:: About this exercise ::
Please give the entries again in full and exactly, without any picture.

:: Dataset extract ::

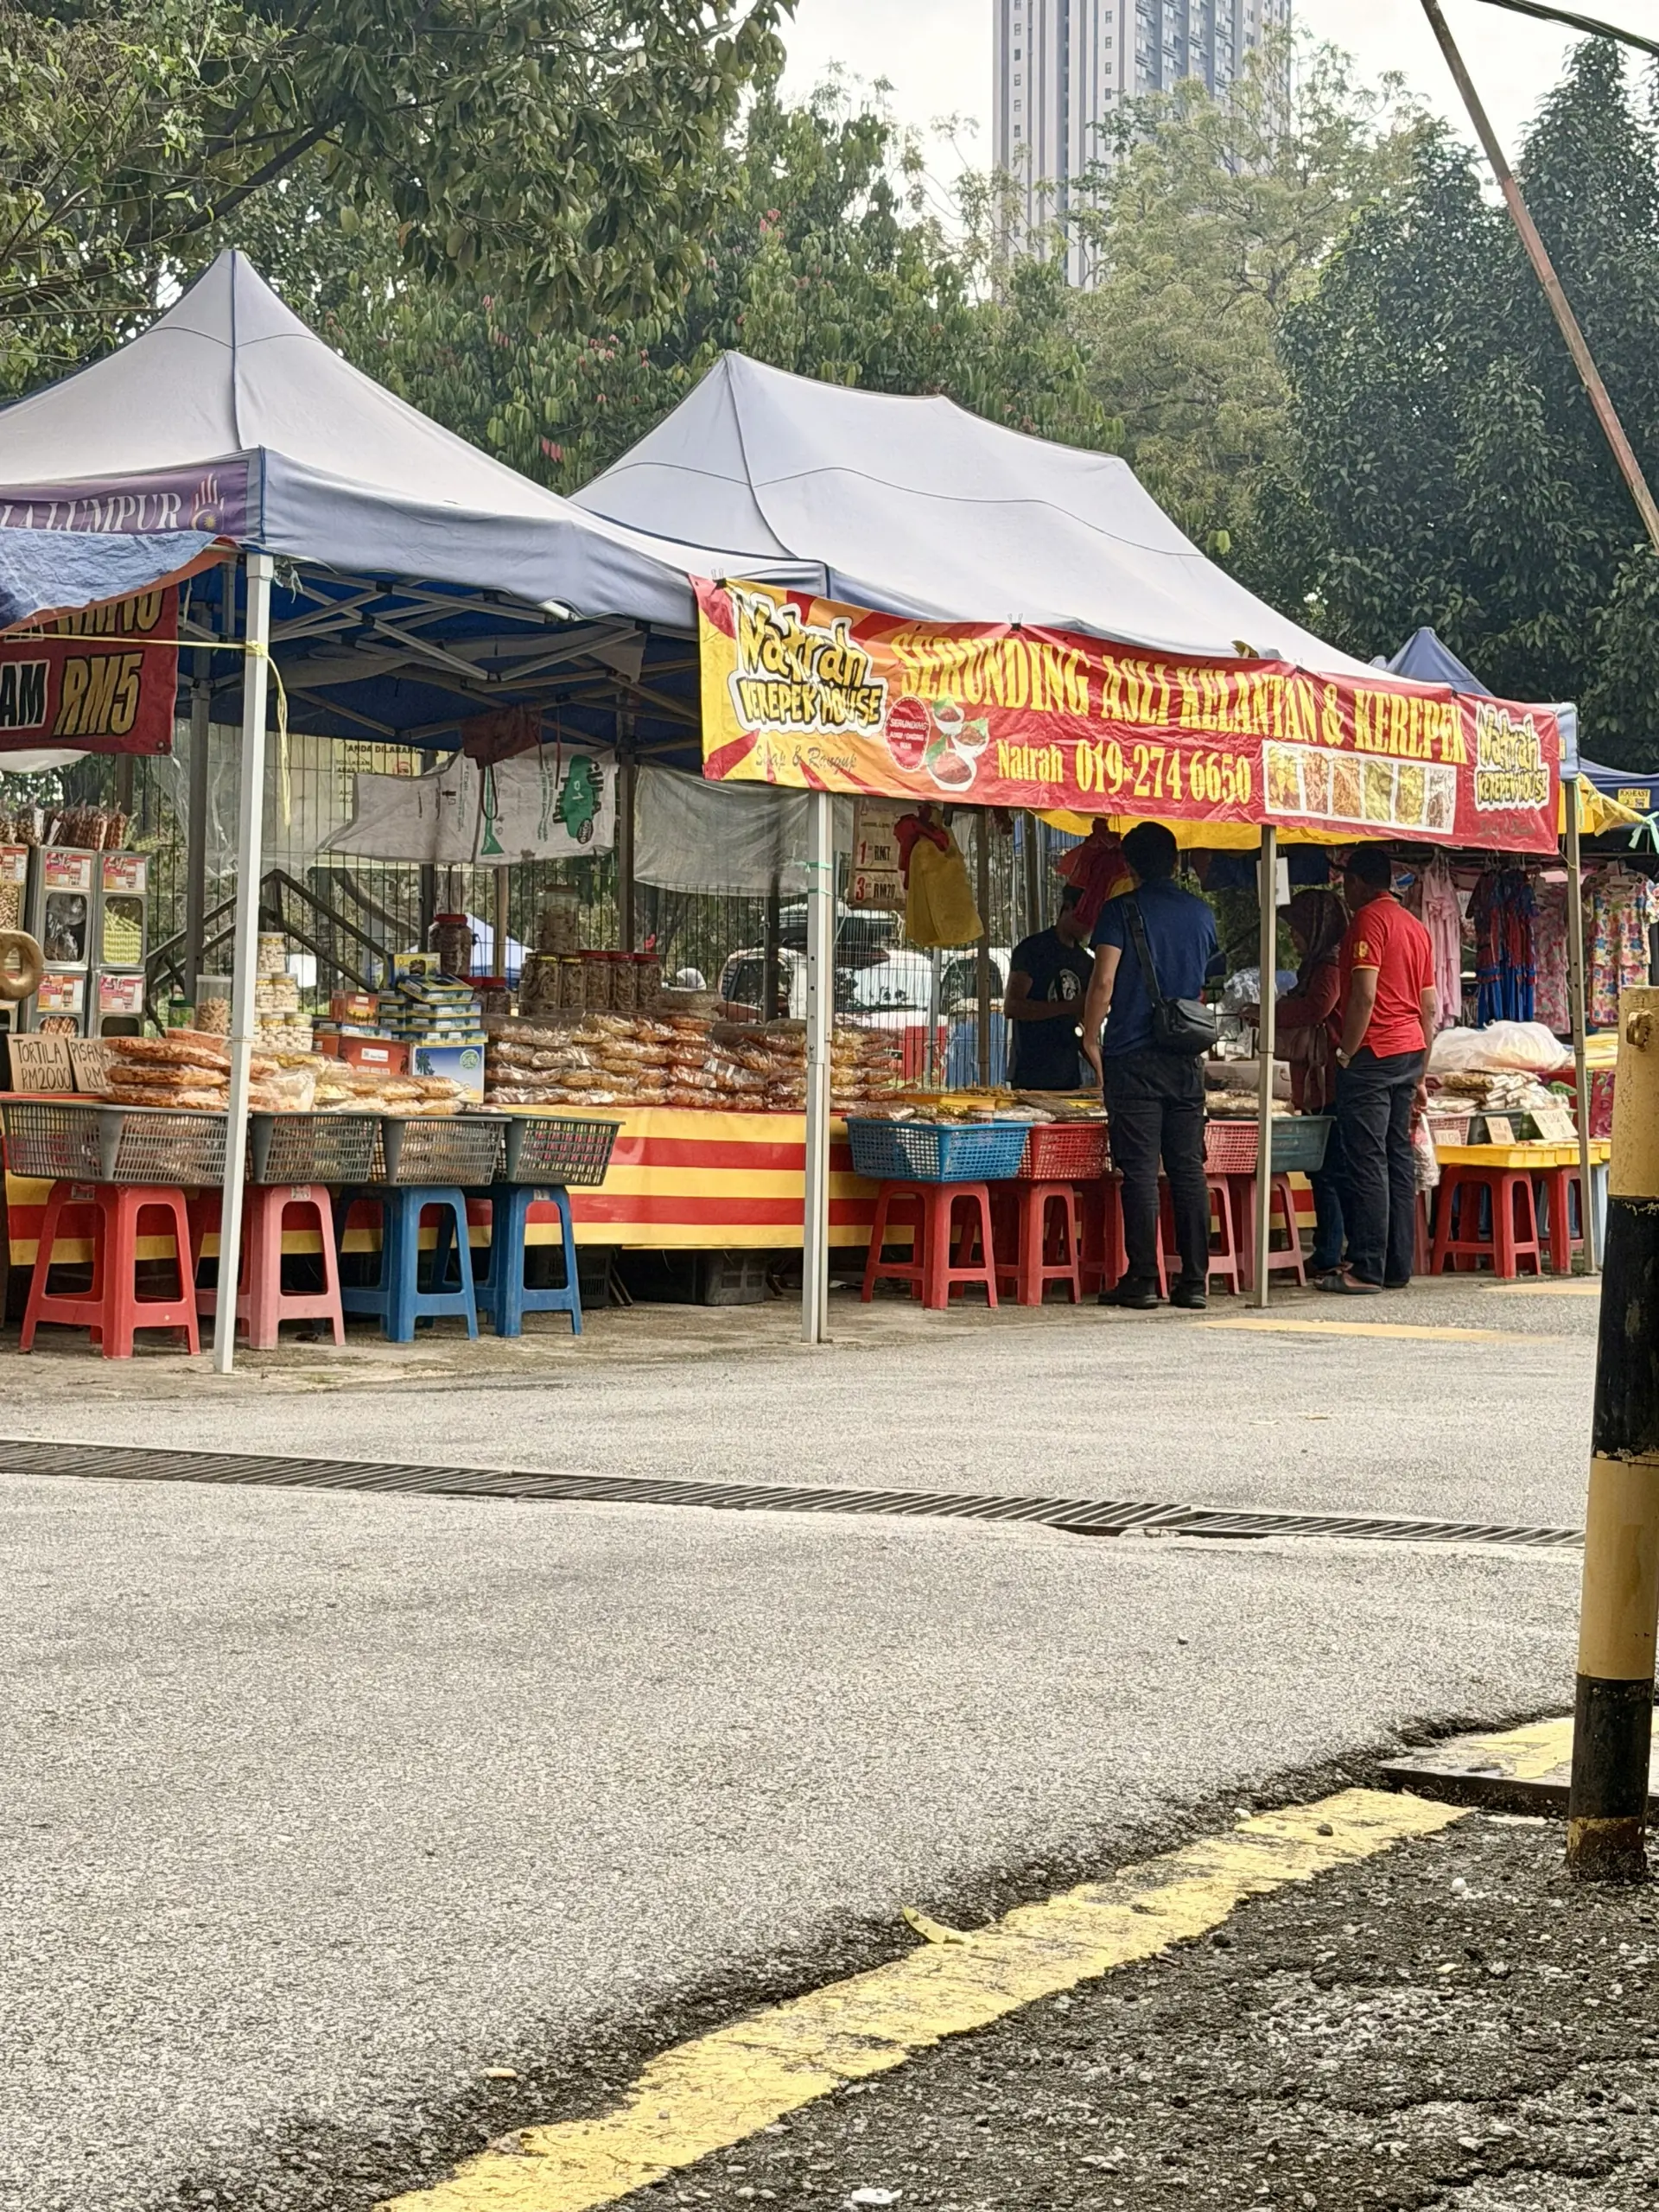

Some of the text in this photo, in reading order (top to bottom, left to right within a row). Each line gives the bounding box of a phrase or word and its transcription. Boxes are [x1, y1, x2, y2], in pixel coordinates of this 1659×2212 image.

[46, 493, 182, 532] LUMPUR
[737, 596, 868, 688] Natrah
[53, 652, 145, 737] RM5
[736, 678, 884, 728] KEREPEK HOUSE
[892, 632, 1469, 765] SERUNDING ASLI KELANTAN & KEREPEK
[996, 739, 1252, 804] Natrah 019-274 6650
[1478, 709, 1538, 772] Natrah
[13, 1039, 63, 1064] TORTILA

:: Reply to the exercise ::
Some of the text in this photo, in reading order (top to bottom, left to right within a row). Each line gives the bounding box of a phrase or word and its transcription. Boxes are [x1, y1, x2, y2], in pixel coordinates of this 1659×2212 image.

[46, 493, 182, 532] LUMPUR
[737, 596, 868, 688] Natrah
[53, 652, 145, 737] RM5
[736, 678, 884, 728] KEREPEK HOUSE
[892, 632, 1469, 765] SERUNDING ASLI KELANTAN & KEREPEK
[996, 739, 1252, 804] Natrah 019-274 6650
[1478, 709, 1538, 772] Natrah
[13, 1039, 63, 1064] TORTILA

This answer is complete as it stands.